What is Relationally-Focused Psychodynamic Therapy?
As we feel less connected to ourselves and our clients, we tend to burnout and feel exhausted in our work. In Relationally-Focused Psychodynamic Therapy (RFPT), there is the intentional movement towards connection with yourself, and learning to grow a deeper curiosity about what’s going on with you as you sit with your clients, and where it might be related to things going on with the client as well. RFPT teaches you to tap into your greatest clinical asset – your presence. Our avoidance of this connection to ourselves and to our clients is what frequently exhausts us in this work and leads to burnout.
In Relationally-Focused Psychodynamic Therapy (RFPT), there is the intentional movement towards connection with yourself, and learning to grow a deeper curiosity about what’s going on with you as you sit with your clients.
How does this work in an RFPT consultation group?
In an RFPT consultation group, the invitation from all of the consulting clinicians is an unending curiosity about your own emotional responses to the client/therapist being presented, and whether you present one of your cases or not, the work is equally dynamic and inviting of your emotional presence. The consult space becomes a context to create a deeper imagination for our clinical work.

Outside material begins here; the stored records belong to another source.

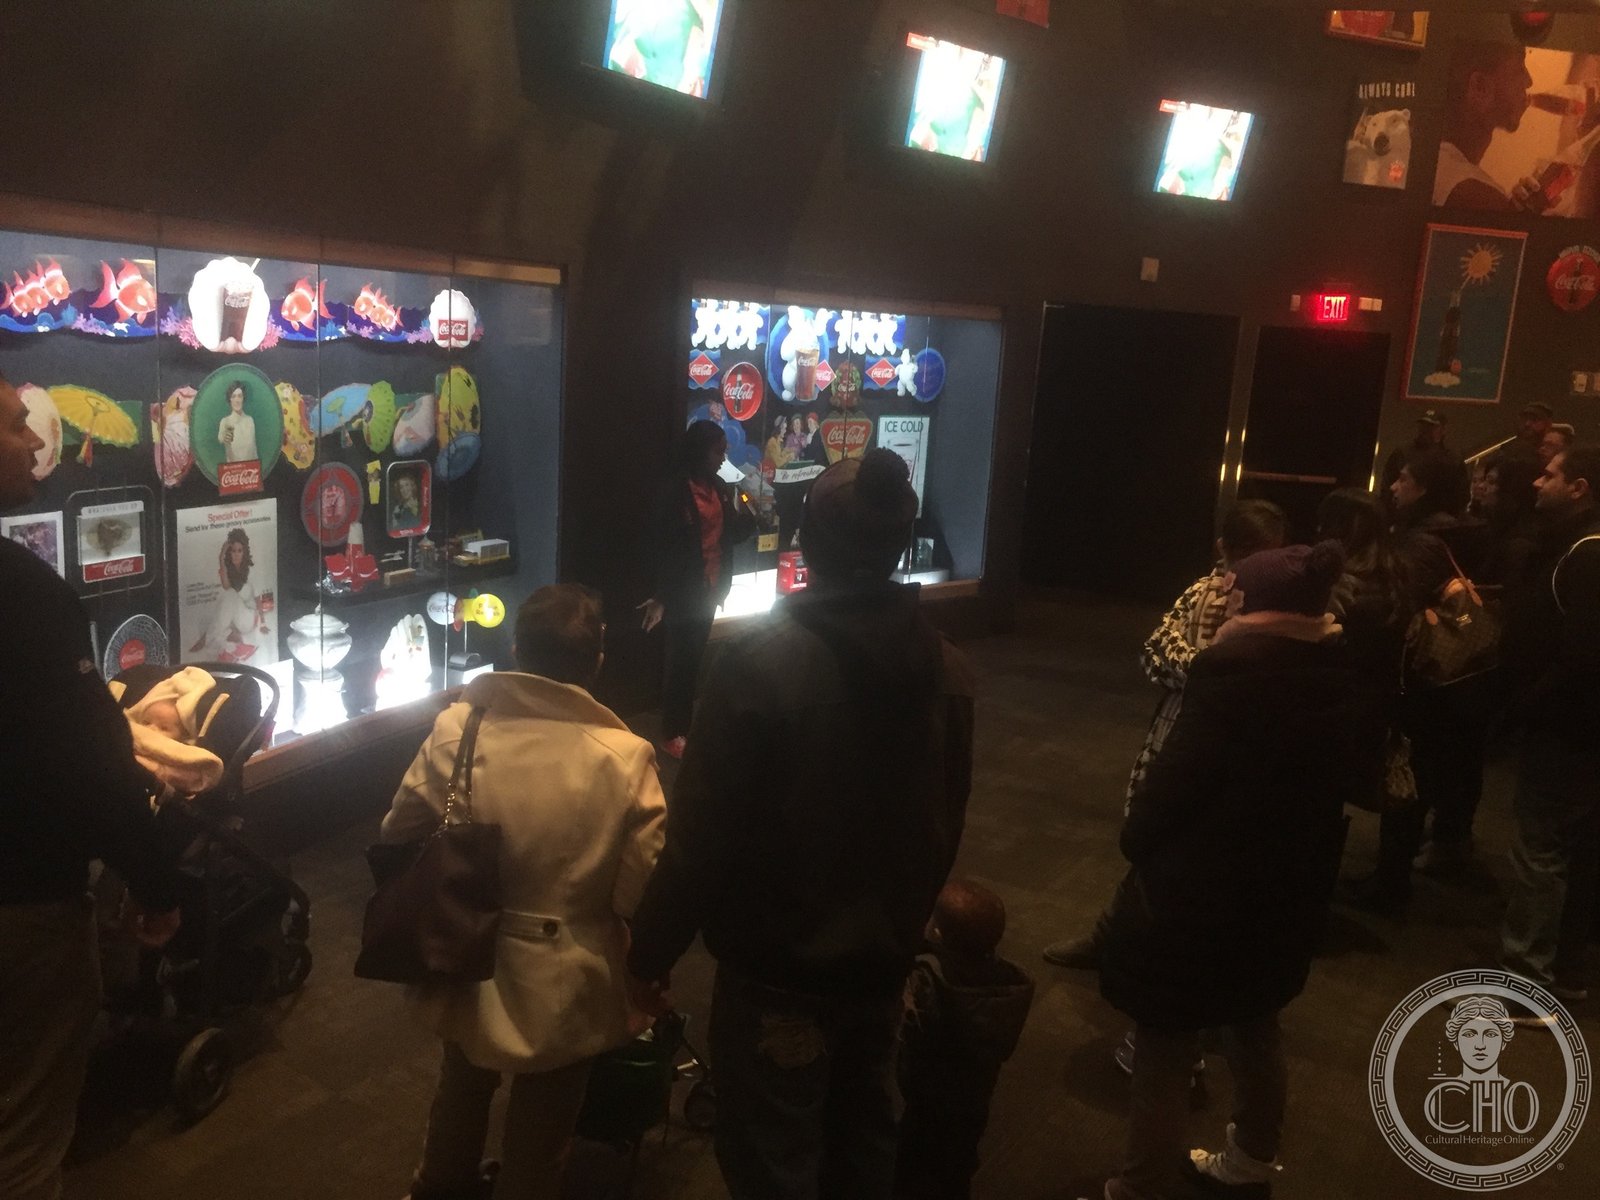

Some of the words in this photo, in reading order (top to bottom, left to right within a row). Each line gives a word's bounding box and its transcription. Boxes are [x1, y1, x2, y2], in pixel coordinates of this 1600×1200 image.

[1323, 296, 1346, 319] EXIT
[827, 425, 866, 445] CocaCola
[884, 421, 899, 433] ICE
[900, 421, 924, 433] COLD
[207, 511, 233, 523] Special

RFPT enables you to utilize the depth of this connection to move further into your work together, and the RFPT consultation process models and practices this depth of connection with your fellow consultants. The RFPT consultation model is a fundamentally experiential learning process, so learning happens as we work the process together, learning to both listen intently to the client and yourself, and both metabolize and articulate this in a way that is useful for your clinical work.
The consultation group is a 10-month commitment to the same group, 2 times/month, and given the structure of the consultation, it tends to move quickly into a deep connection with your peers in the process. Regardless of your therapeutic orientation, the process is intended to provide a place of connection and authenticity with colleagues in a field that regularly burns us out from isolation and disconnection.